BCI2000 is a software suite for brain–computer interface research. It is commonly used for data acquisition, stimulus presentation, and brain monitoring applications. BCI2000 supports a variety of data acquisition systems, brain signals, and study/feedback paradigms. During operation, BCI2000 stores data in a common format (BCI2000 native or GDF), along with all relevant event markers and information about system configuration. BCI2000 also includes several tools for data import/conversion (e.g., a routine to load BCI2000 data files directly into Matlab) and export facilities into ASCII.

BCI2000 is available free of charge for research and education purposes.

== History ==
BCI2000 has been in development since 2000 in a project led by the Brain–Computer Interface R&D Program at the Wadsworth Center of the New York State Department of Health in Albany, New York, with substantial contributions by the Institute of Medical Psychology and Behavioral Neurobiology at the University of Tübingen. Large contributions have also been from other laboratories, notably the BrainLab at Georgia State University in Atlanta, Georgia, and Fondazione Santa Lucia in Rome, Italy.
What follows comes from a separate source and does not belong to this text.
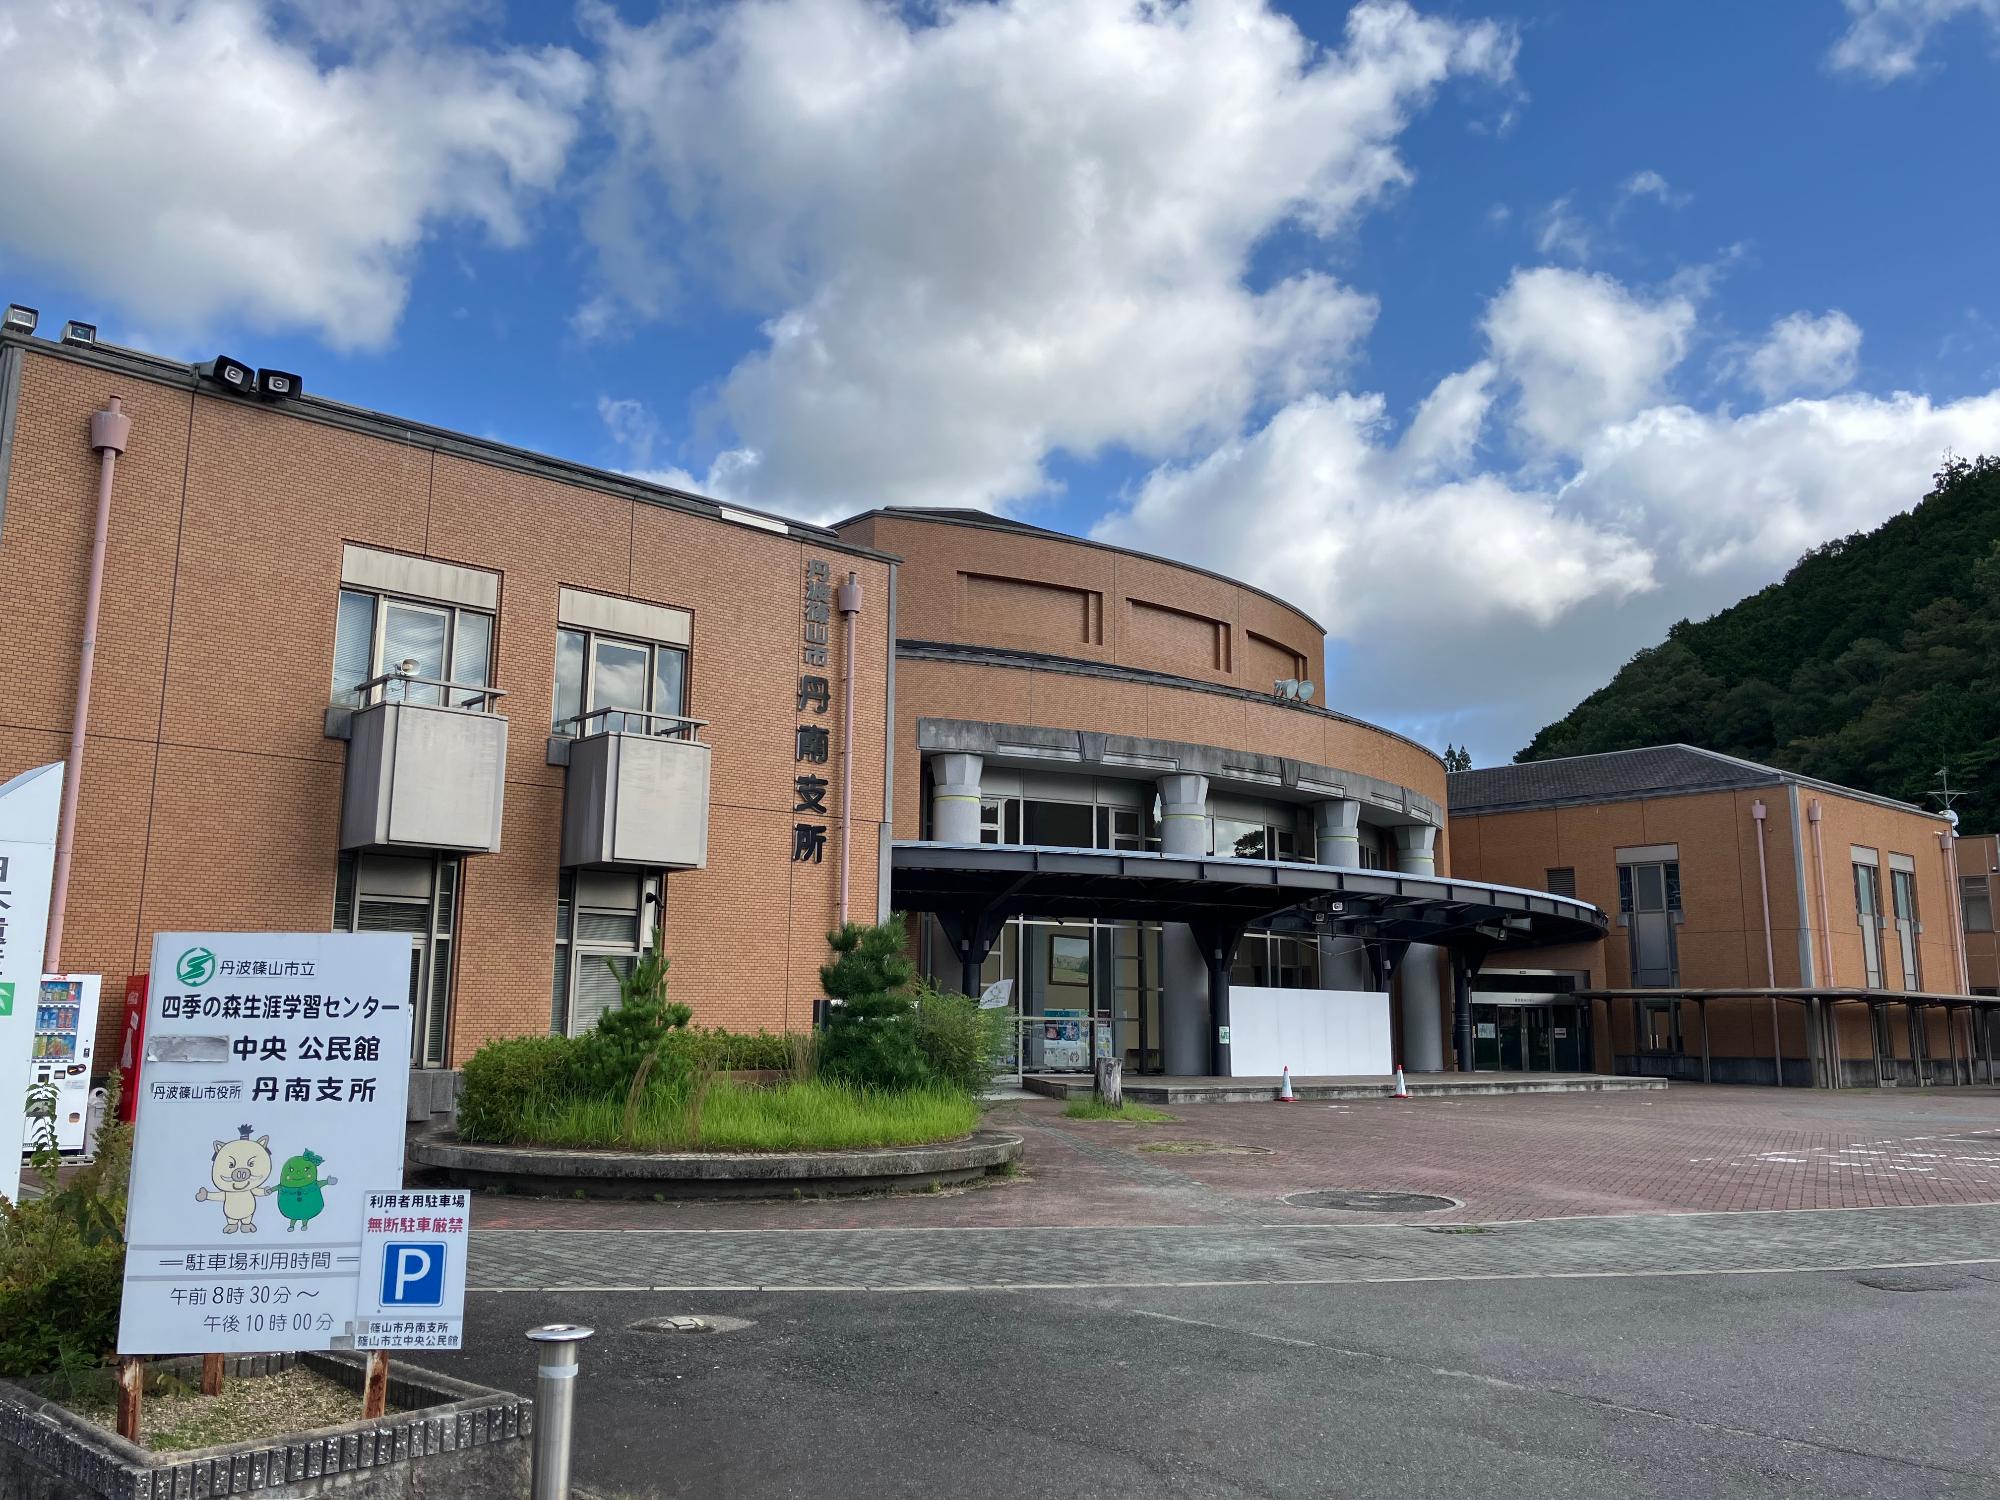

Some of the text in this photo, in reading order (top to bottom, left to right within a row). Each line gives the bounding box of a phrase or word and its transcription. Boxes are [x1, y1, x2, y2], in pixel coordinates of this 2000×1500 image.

The first successful BCI2000-based experiment took place in July 2001. BCI2000 V2.0 was released in January 2008, and V3.0 was released in February 2011. Currently, the BCI2000 project is supported by a R01 grant from the NIH (NIBIB) to Gerwin Schalk; it was previously supported by a bioengineering research partnership (BRP) grant from the NIH (NIBIB/NINDS) to Jonathan Wolpaw.

=== Documentation ===
Comprehensive documentation on the BCI2000 system can be found on the BCI2000 Wiki. This documentation contains user tutorials, a comprehensive user reference, technical reference, programming reference, and description of user contributions.
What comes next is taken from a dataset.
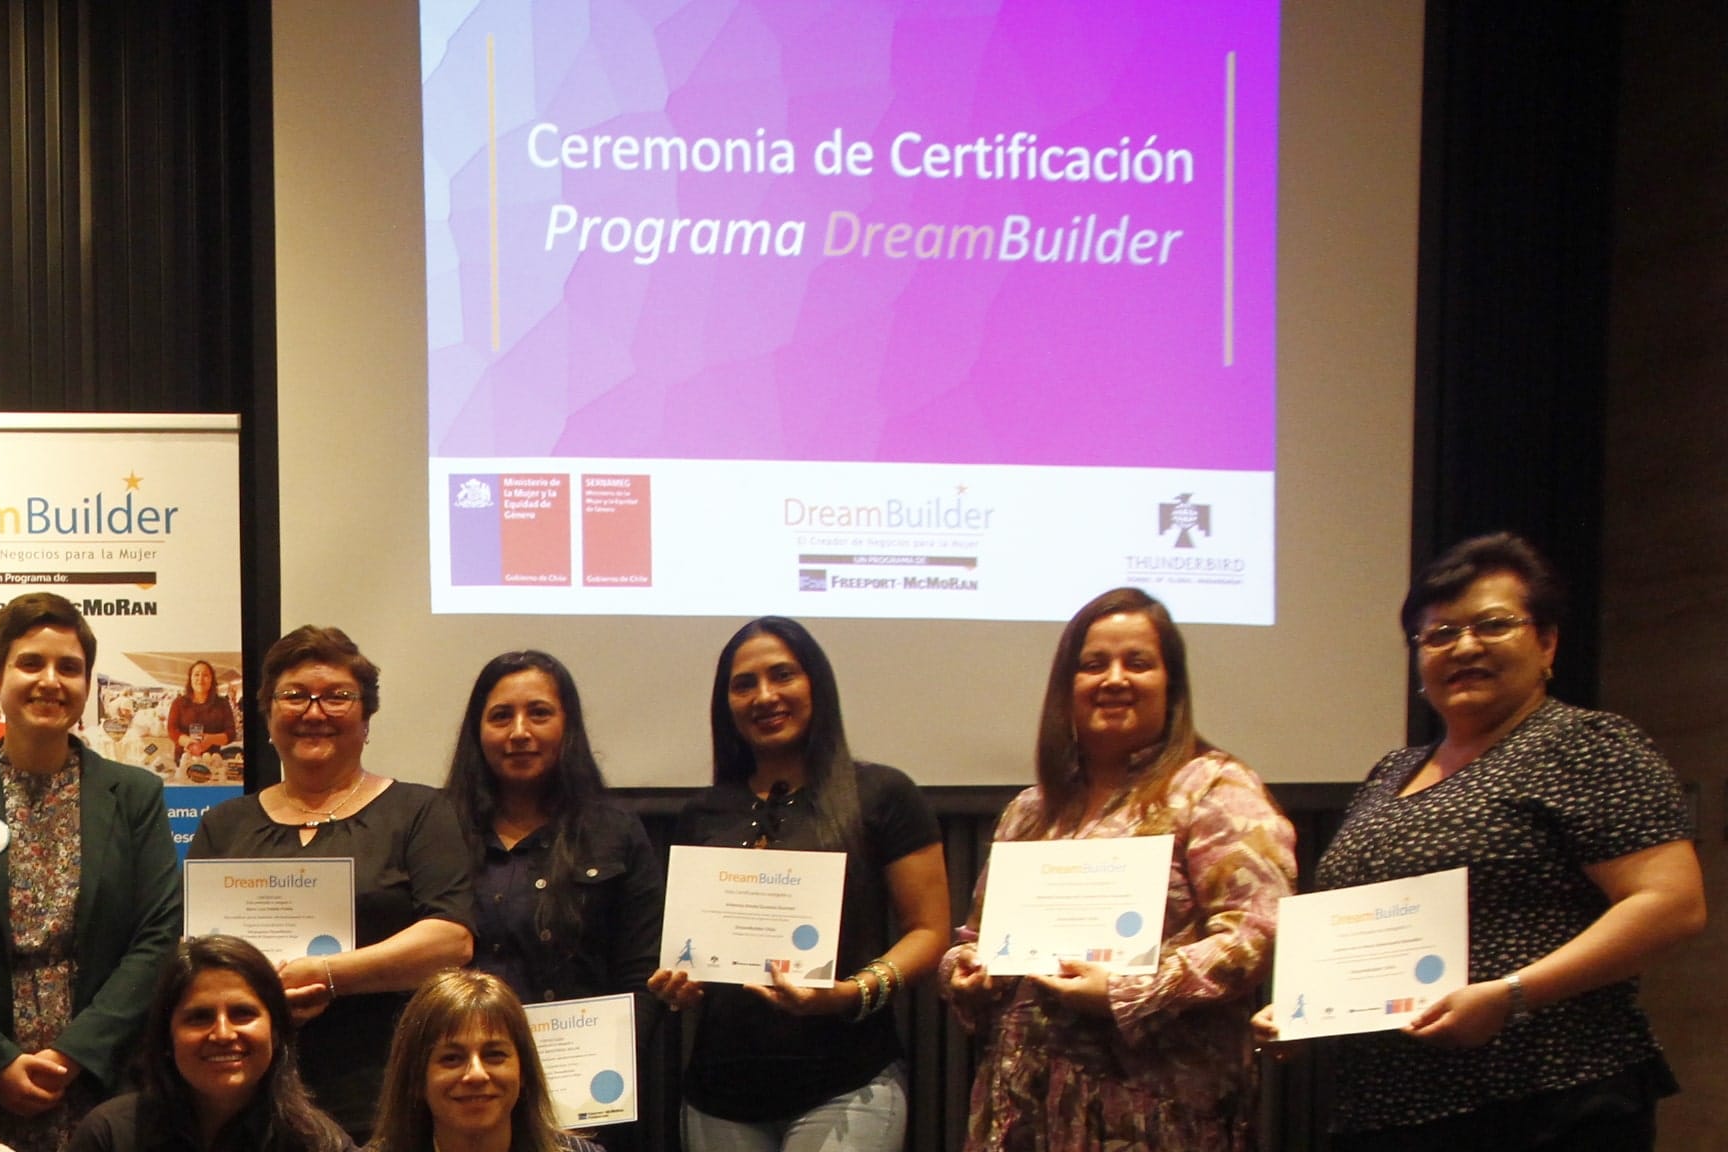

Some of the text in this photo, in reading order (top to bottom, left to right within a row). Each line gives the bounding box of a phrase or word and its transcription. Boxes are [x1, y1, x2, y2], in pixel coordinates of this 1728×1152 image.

A 2010 book "A Practical Guide to Brain–Computer Interfacing with BCI2000" authored by Gerwin Schalk and Juergen Mellinger, the chief software architect of the project, was published as an introductory guide to BCI2000. It contains information on the modules provided with BCI2000 and instructions on common application tasks, such as real-time spelling with P300 spellers or offline Matlab analysis.

== Dissemination ==
BCI2000 has been used in a number of publications and studies internationally. The original paper describing the BCI2000 system has been cited more than 2000 times, while the system has been used in over 120 peer-reviewed publications.
BCI2000-based systems have been used by severely disabled individuals, commonly from ALS or other causes of locked-in syndrome, for word processing, email, environmental control, and communication.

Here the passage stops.